> **YOUR OBJECTIVE**: The whole listing below must be printed again exactly, images excluded.

====

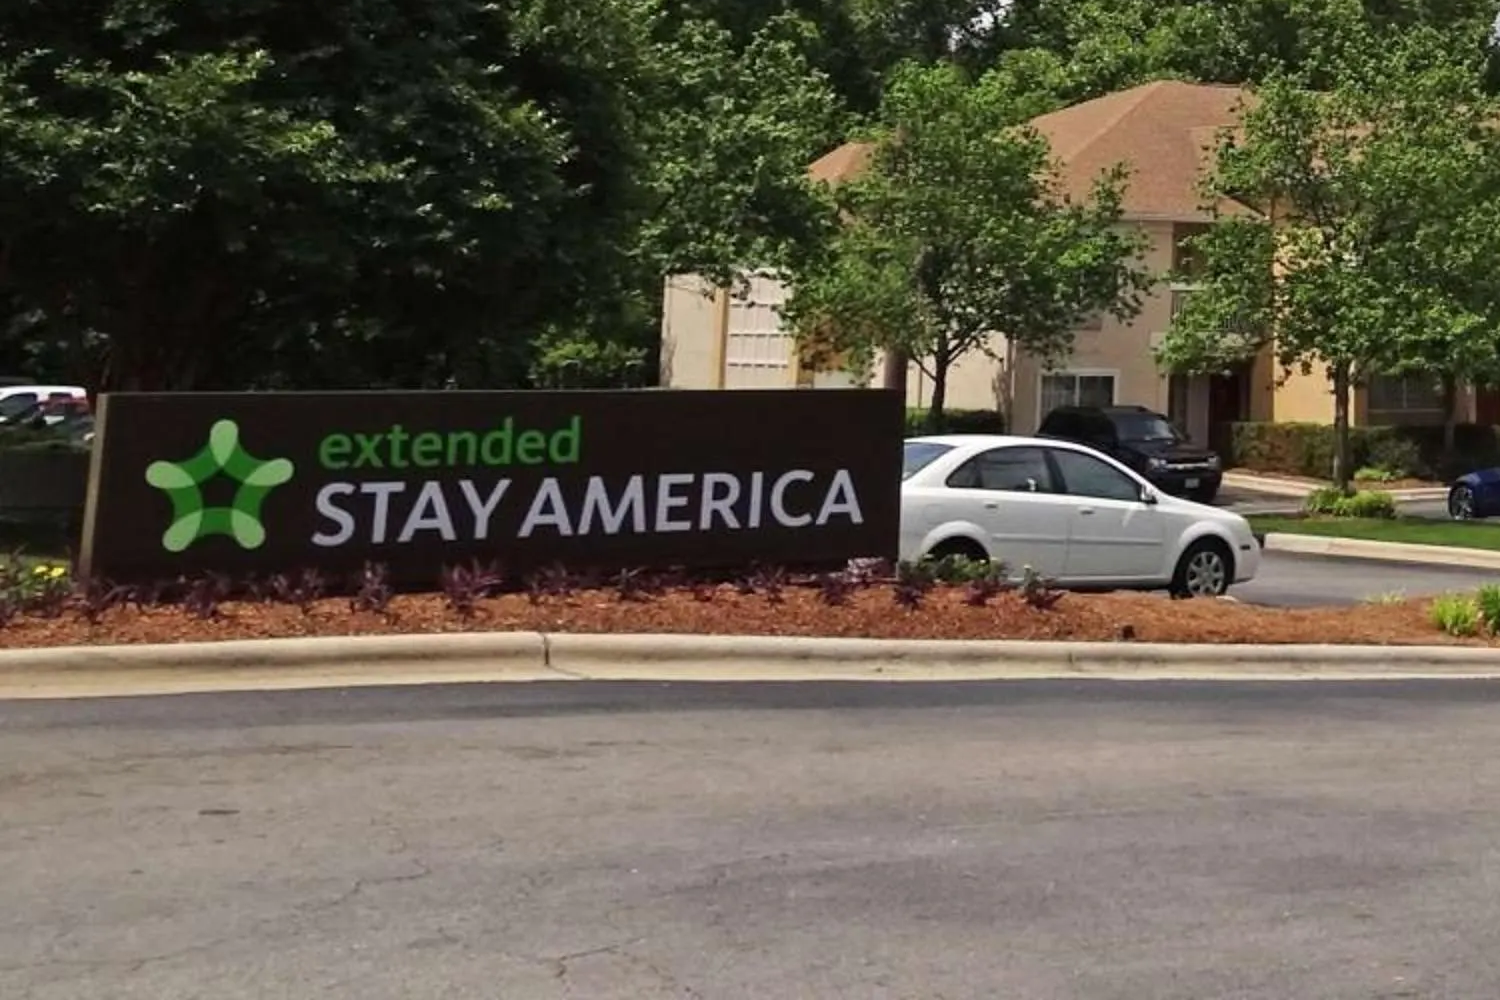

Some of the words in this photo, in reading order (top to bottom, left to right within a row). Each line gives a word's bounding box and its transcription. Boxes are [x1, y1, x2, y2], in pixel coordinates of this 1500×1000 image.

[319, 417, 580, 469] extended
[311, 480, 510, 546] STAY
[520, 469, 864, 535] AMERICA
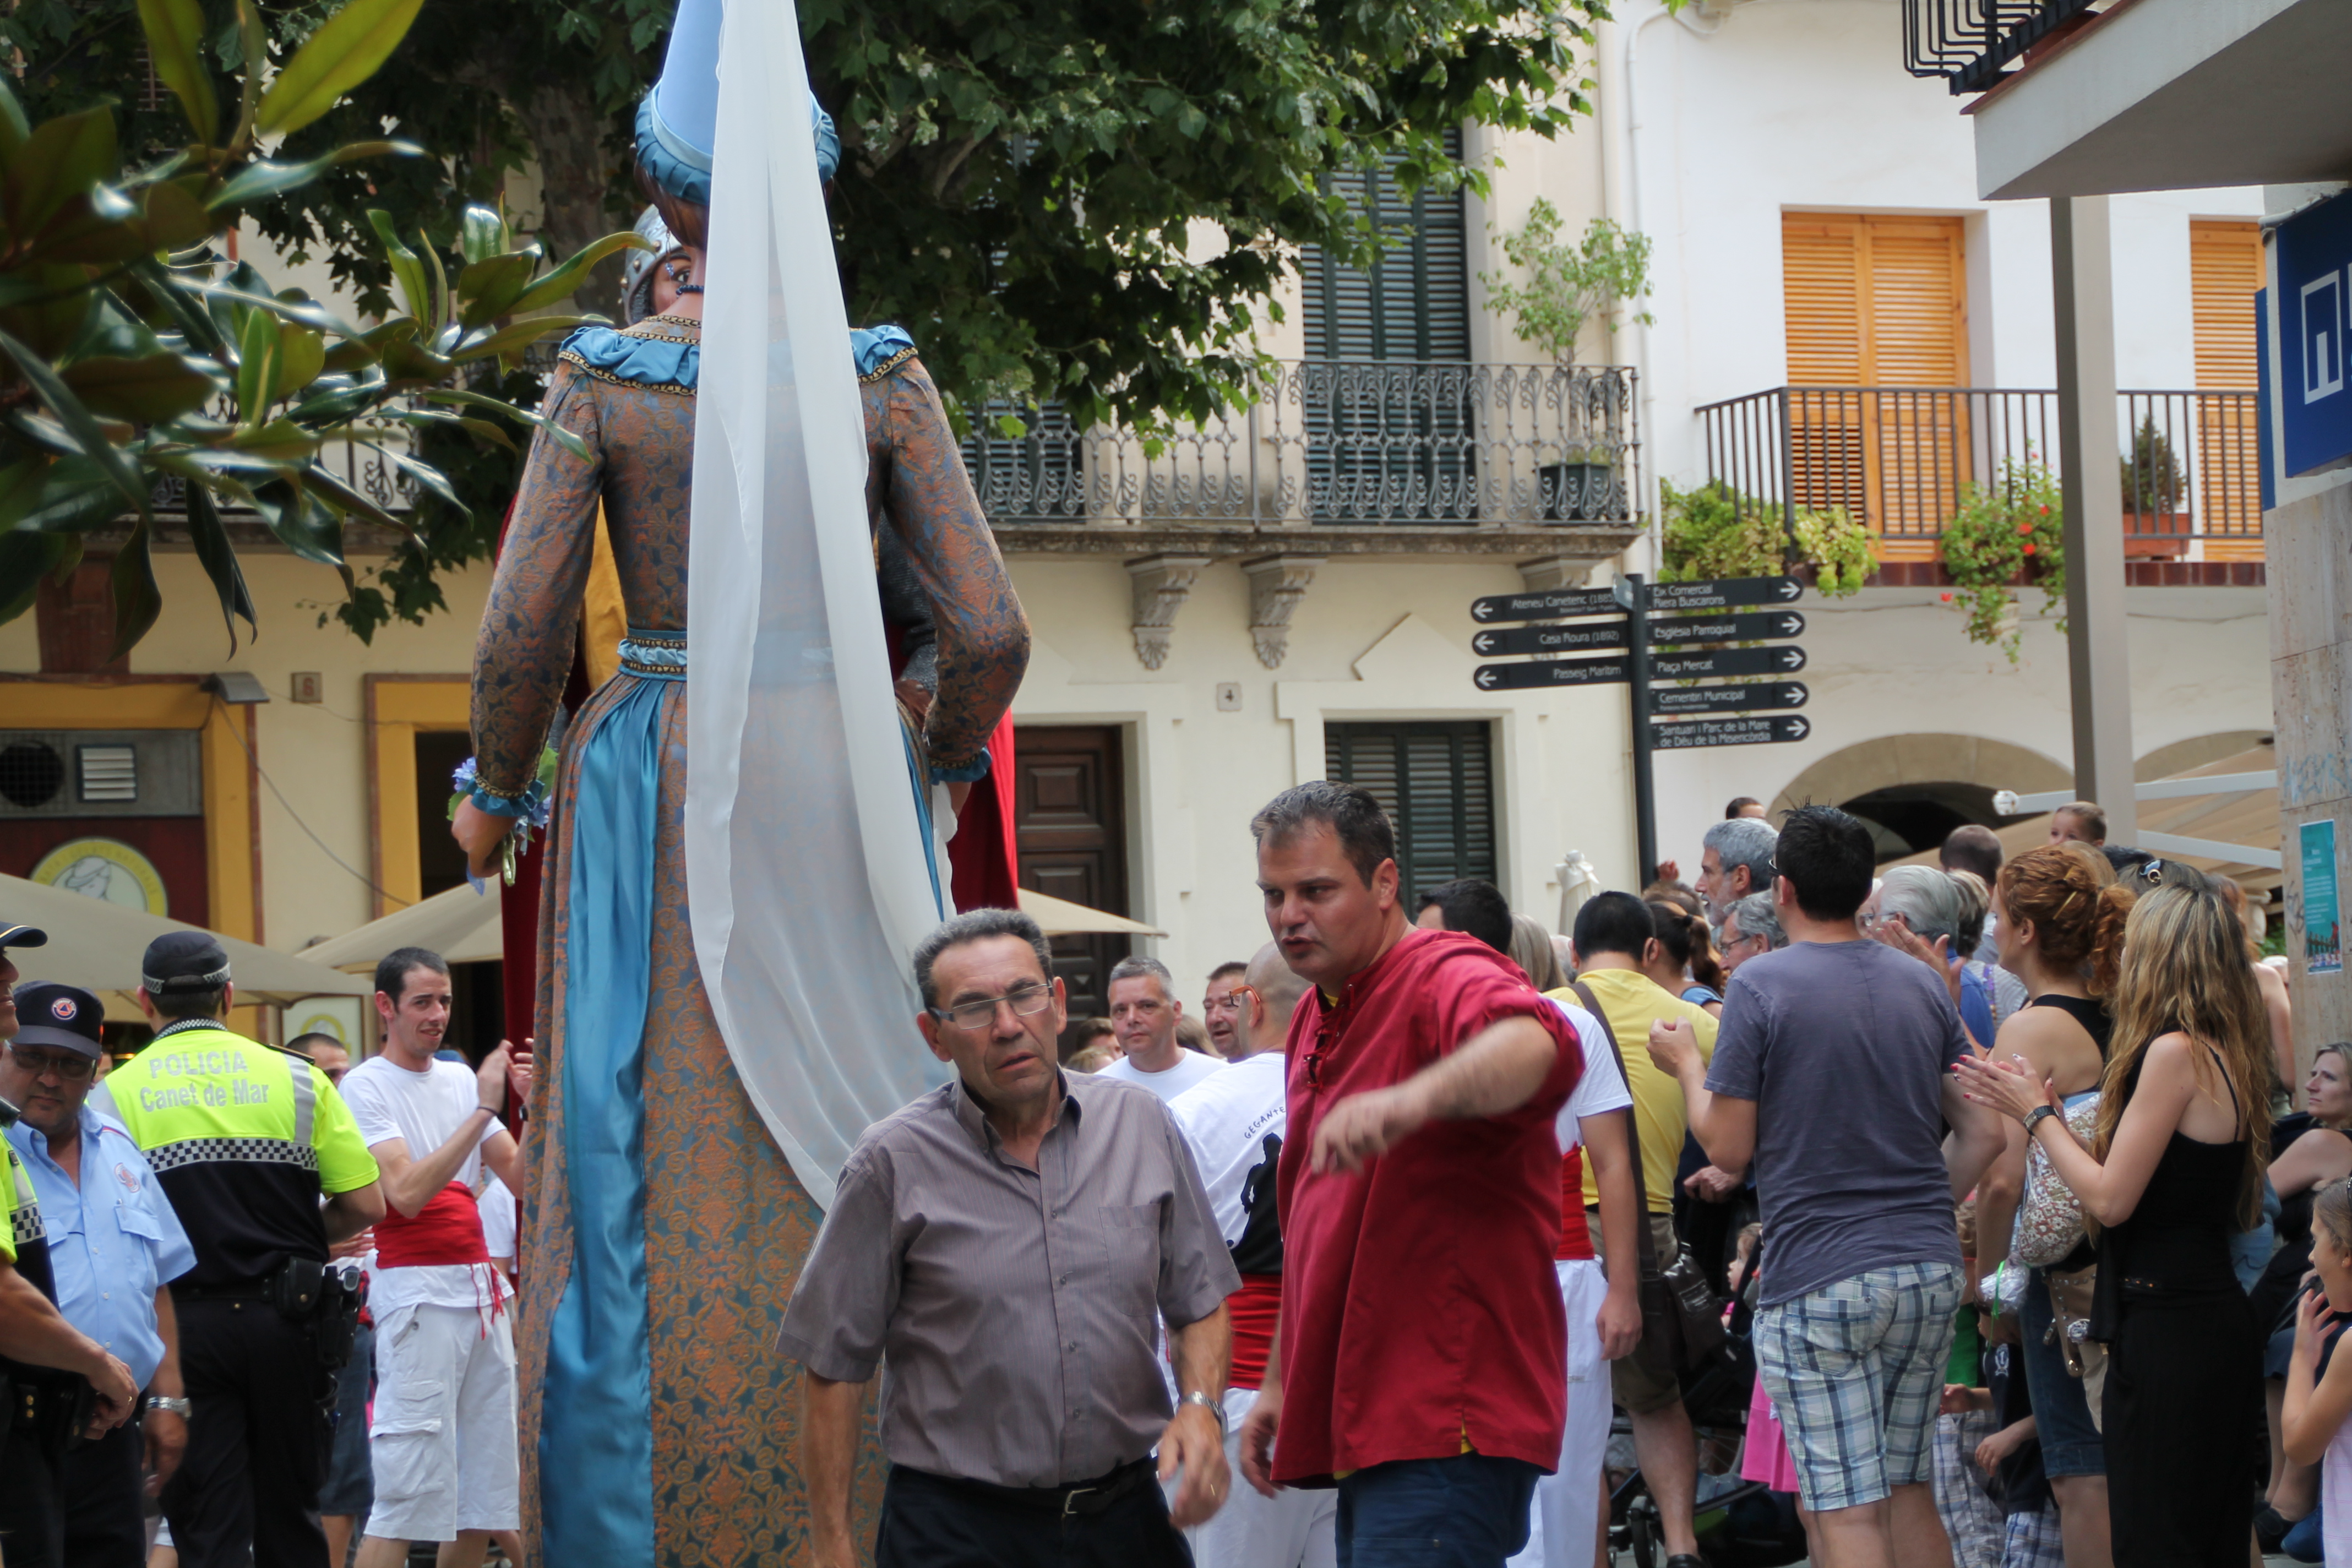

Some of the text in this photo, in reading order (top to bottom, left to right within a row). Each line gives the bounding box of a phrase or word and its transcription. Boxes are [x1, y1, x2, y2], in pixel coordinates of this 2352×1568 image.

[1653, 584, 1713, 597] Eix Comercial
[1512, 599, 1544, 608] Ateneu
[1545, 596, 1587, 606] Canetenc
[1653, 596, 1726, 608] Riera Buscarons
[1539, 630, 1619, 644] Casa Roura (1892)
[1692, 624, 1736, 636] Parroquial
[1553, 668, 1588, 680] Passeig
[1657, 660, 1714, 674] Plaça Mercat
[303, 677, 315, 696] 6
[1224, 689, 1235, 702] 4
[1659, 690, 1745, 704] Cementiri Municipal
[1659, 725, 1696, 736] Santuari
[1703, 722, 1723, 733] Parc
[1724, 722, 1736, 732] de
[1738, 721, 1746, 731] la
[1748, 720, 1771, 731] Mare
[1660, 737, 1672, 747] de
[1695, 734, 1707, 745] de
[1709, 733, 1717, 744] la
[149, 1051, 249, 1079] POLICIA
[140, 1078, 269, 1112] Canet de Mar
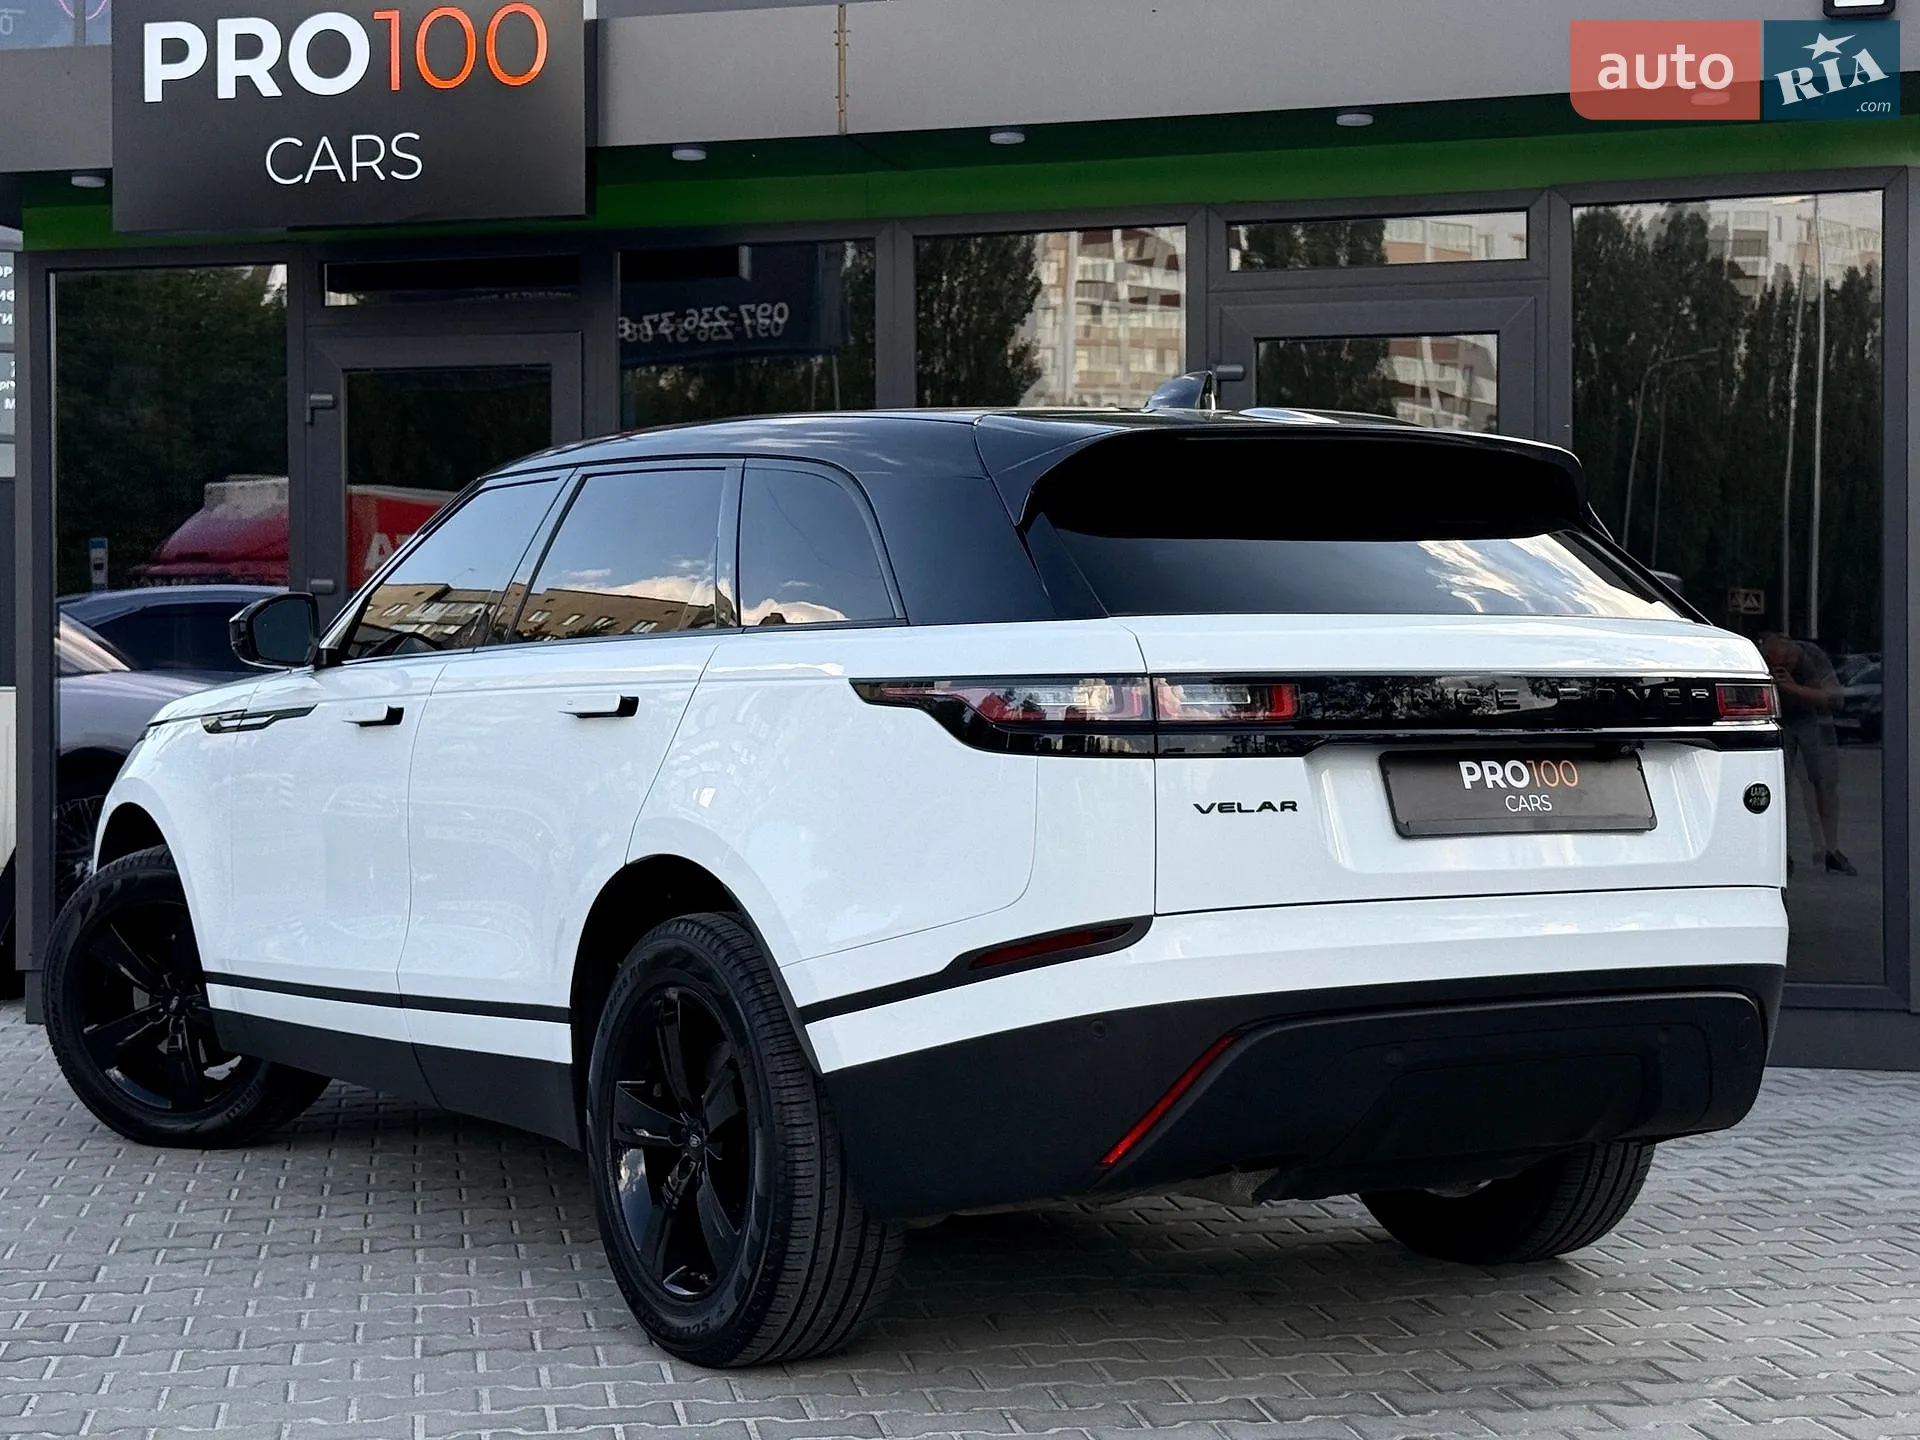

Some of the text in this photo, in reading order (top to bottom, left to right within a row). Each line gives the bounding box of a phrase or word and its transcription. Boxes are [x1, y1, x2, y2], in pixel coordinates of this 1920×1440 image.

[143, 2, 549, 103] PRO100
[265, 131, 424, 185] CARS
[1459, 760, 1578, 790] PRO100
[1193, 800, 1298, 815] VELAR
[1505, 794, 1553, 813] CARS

====

> **SOLUTION**:
Some of the words in this photo, in reading order (top to bottom, left to right within a row). Each line gives a word's bounding box and its transcription. Boxes are [x1, y1, x2, y2], in pixel coordinates of this 1500×1000 image.

[319, 417, 580, 469] extended
[311, 480, 510, 546] STAY
[520, 469, 864, 535] AMERICA

Some of the text in this photo, in reading order (top to bottom, left to right within a row). Each line gives the bounding box of a phrase or word and its transcription. Boxes are [x1, y1, x2, y2], in pixel coordinates of this 2352×1568 image.

[1653, 584, 1713, 597] Eix Comercial
[1512, 599, 1544, 608] Ateneu
[1545, 596, 1587, 606] Canetenc
[1653, 596, 1726, 608] Riera Buscarons
[1539, 630, 1619, 644] Casa Roura (1892)
[1692, 624, 1736, 636] Parroquial
[1553, 668, 1588, 680] Passeig
[1657, 660, 1714, 674] Plaça Mercat
[303, 677, 315, 696] 6
[1224, 689, 1235, 702] 4
[1659, 690, 1745, 704] Cementiri Municipal
[1659, 725, 1696, 736] Santuari
[1703, 722, 1723, 733] Parc
[1724, 722, 1736, 732] de
[1738, 721, 1746, 731] la
[1748, 720, 1771, 731] Mare
[1660, 737, 1672, 747] de
[1695, 734, 1707, 745] de
[1709, 733, 1717, 744] la
[149, 1051, 249, 1079] POLICIA
[140, 1078, 269, 1112] Canet de Mar

Some of the text in this photo, in reading order (top to bottom, left to right within a row). Each line gives the bounding box of a phrase or word and its transcription. Boxes are [x1, y1, x2, y2], in pixel coordinates of this 1920×1440 image.

[143, 2, 549, 103] PRO100
[265, 131, 424, 185] CARS
[1459, 760, 1578, 790] PRO100
[1193, 800, 1298, 815] VELAR
[1505, 794, 1553, 813] CARS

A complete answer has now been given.